Problem to work on: In your copy, leave out the pictures and reproduce the listing below exactly.

Input records:

----

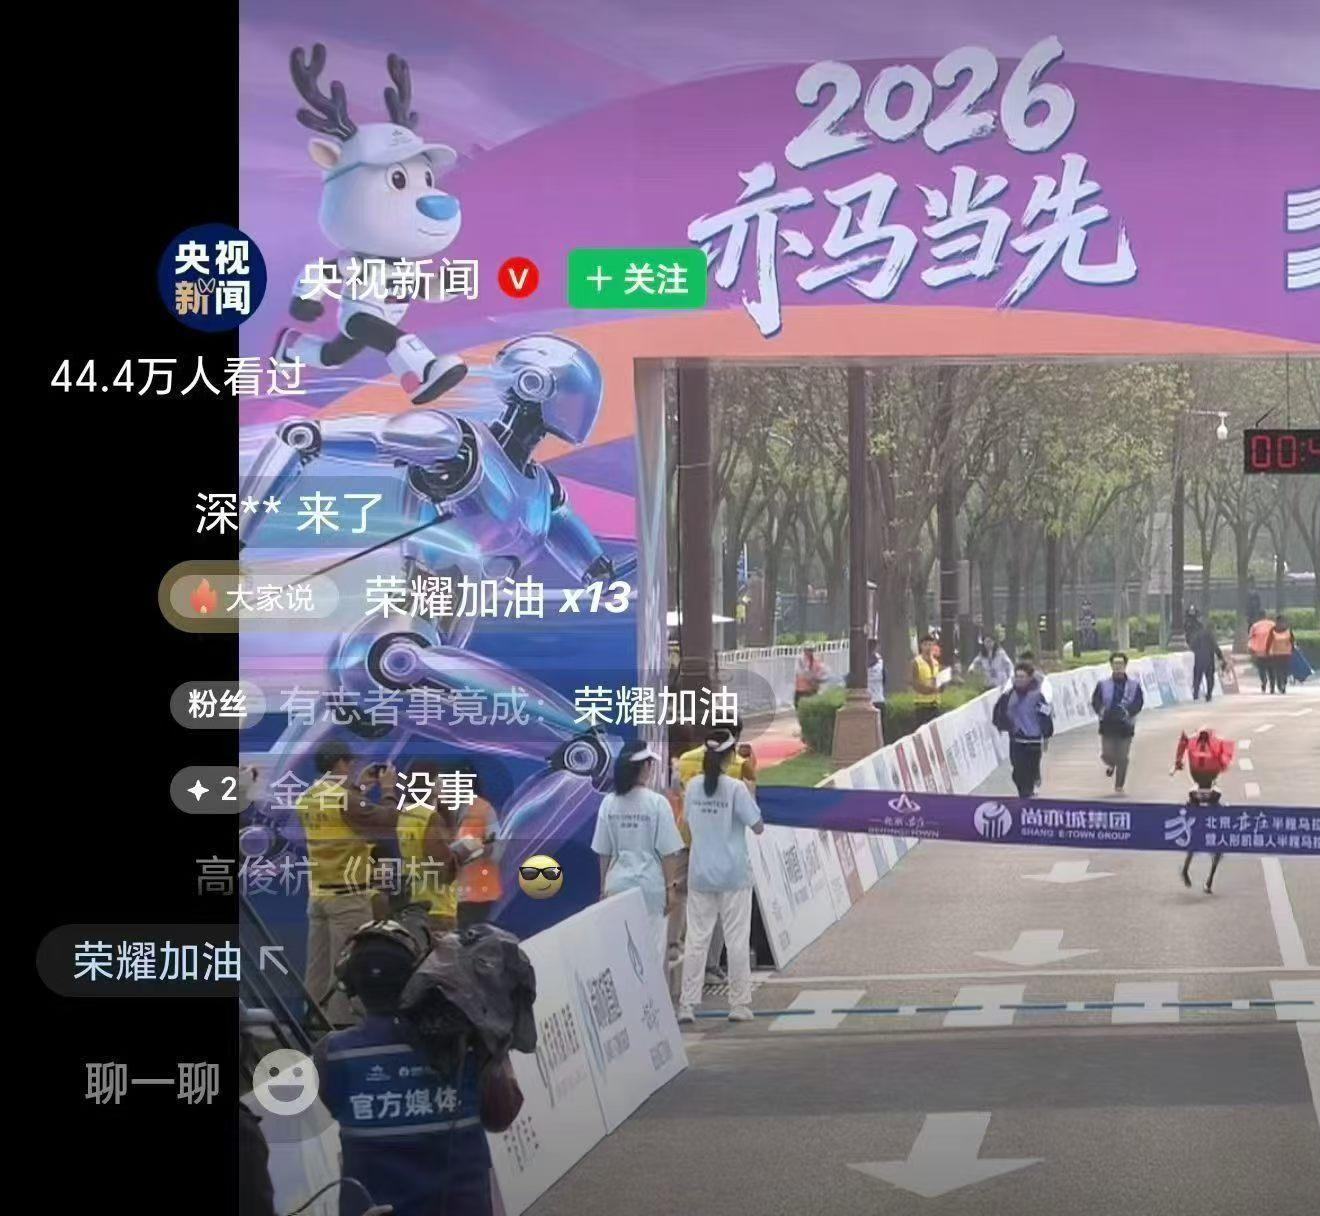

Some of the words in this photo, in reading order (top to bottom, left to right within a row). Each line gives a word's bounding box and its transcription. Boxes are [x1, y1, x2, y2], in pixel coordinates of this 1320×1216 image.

[785, 34, 1075, 168] 2026
[688, 153, 1138, 337] 亦马当先
[1021, 807, 1131, 830] 尚亦城集团
[1098, 832, 1131, 841] GROUP
[349, 1086, 459, 1120] 官方媒体
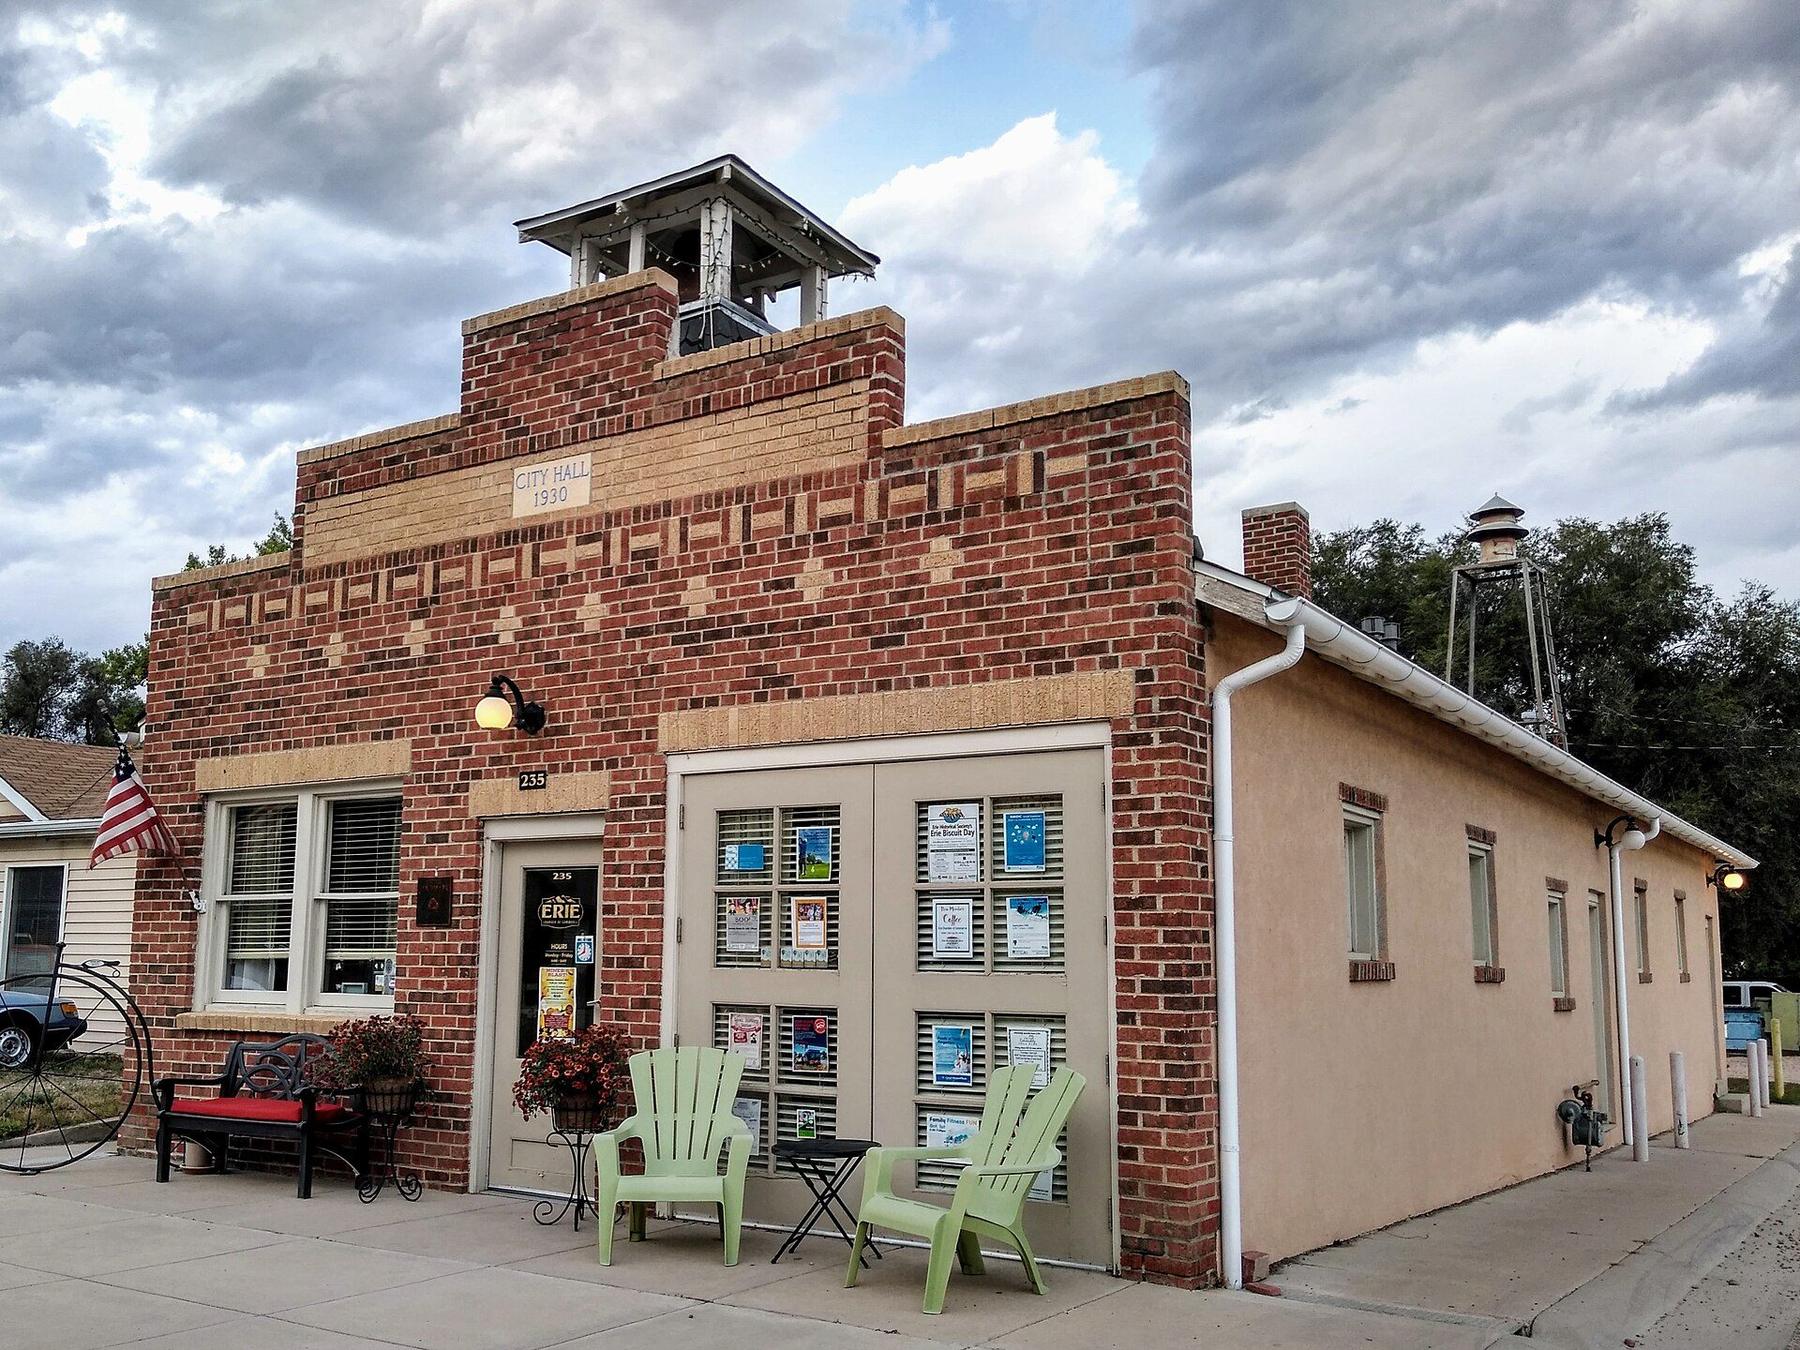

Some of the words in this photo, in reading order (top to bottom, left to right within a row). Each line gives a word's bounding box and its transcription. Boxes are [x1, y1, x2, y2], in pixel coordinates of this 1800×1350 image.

[515, 469, 549, 490] CITY
[553, 461, 590, 483] HALL
[533, 486, 568, 507] 1930
[521, 773, 545, 787] 235
[942, 829, 963, 837] Biscuit
[963, 828, 975, 838] Day
[552, 872, 572, 880] 235
[541, 904, 581, 919] ERIE
[929, 1116, 946, 1124] Family
[946, 1117, 965, 1125] Fitness
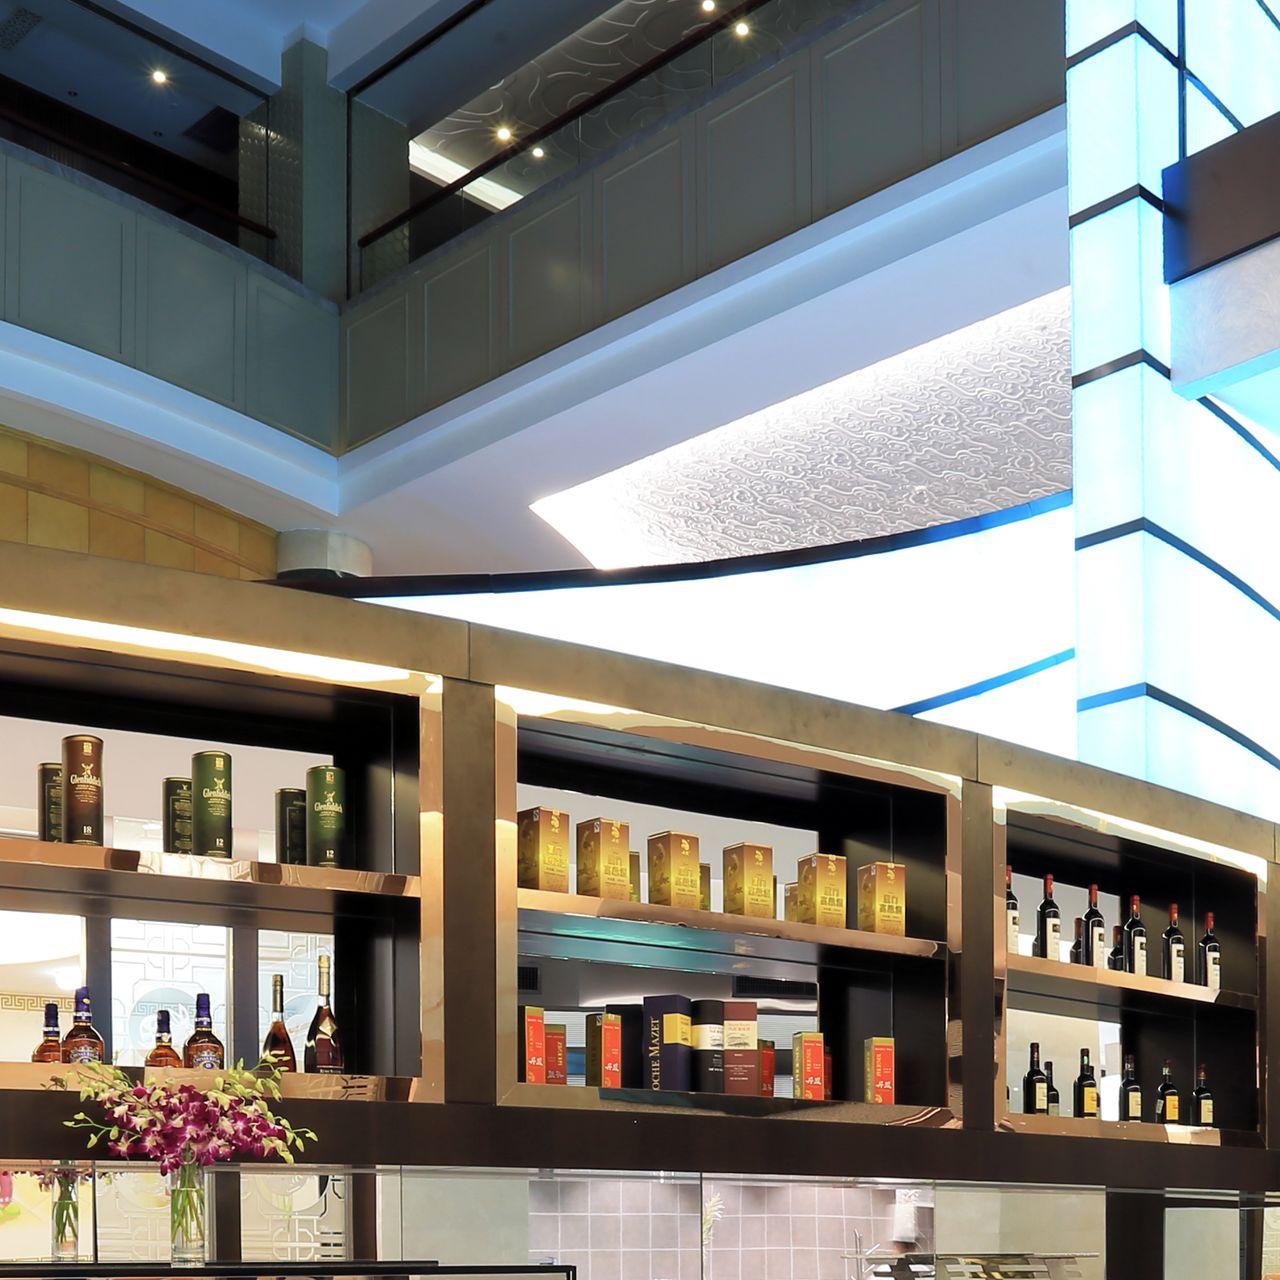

----

Solution for this task:
Some of the words in this photo, in reading order (top to bottom, left to right within a row). Each line gives a word's bounding box and its transcription. Boxes are [x1, y1, x2, y2], in pixel coordinates of this 1320×1216 image.

[785, 34, 1075, 168] 2026
[688, 153, 1138, 337] 亦马当先
[1021, 807, 1131, 830] 尚亦城集团
[1098, 832, 1131, 841] GROUP
[349, 1086, 459, 1120] 官方媒体

Some of the words in this photo, in reading order (top to bottom, left to right within a row). Each line gives a word's bounding box and its transcription. Boxes are [x1, y1, x2, y2], in pixel coordinates of this 1800×1350 image.

[515, 469, 549, 490] CITY
[553, 461, 590, 483] HALL
[533, 486, 568, 507] 1930
[521, 773, 545, 787] 235
[942, 829, 963, 837] Biscuit
[963, 828, 975, 838] Day
[552, 872, 572, 880] 235
[541, 904, 581, 919] ERIE
[929, 1116, 946, 1124] Family
[946, 1117, 965, 1125] Fitness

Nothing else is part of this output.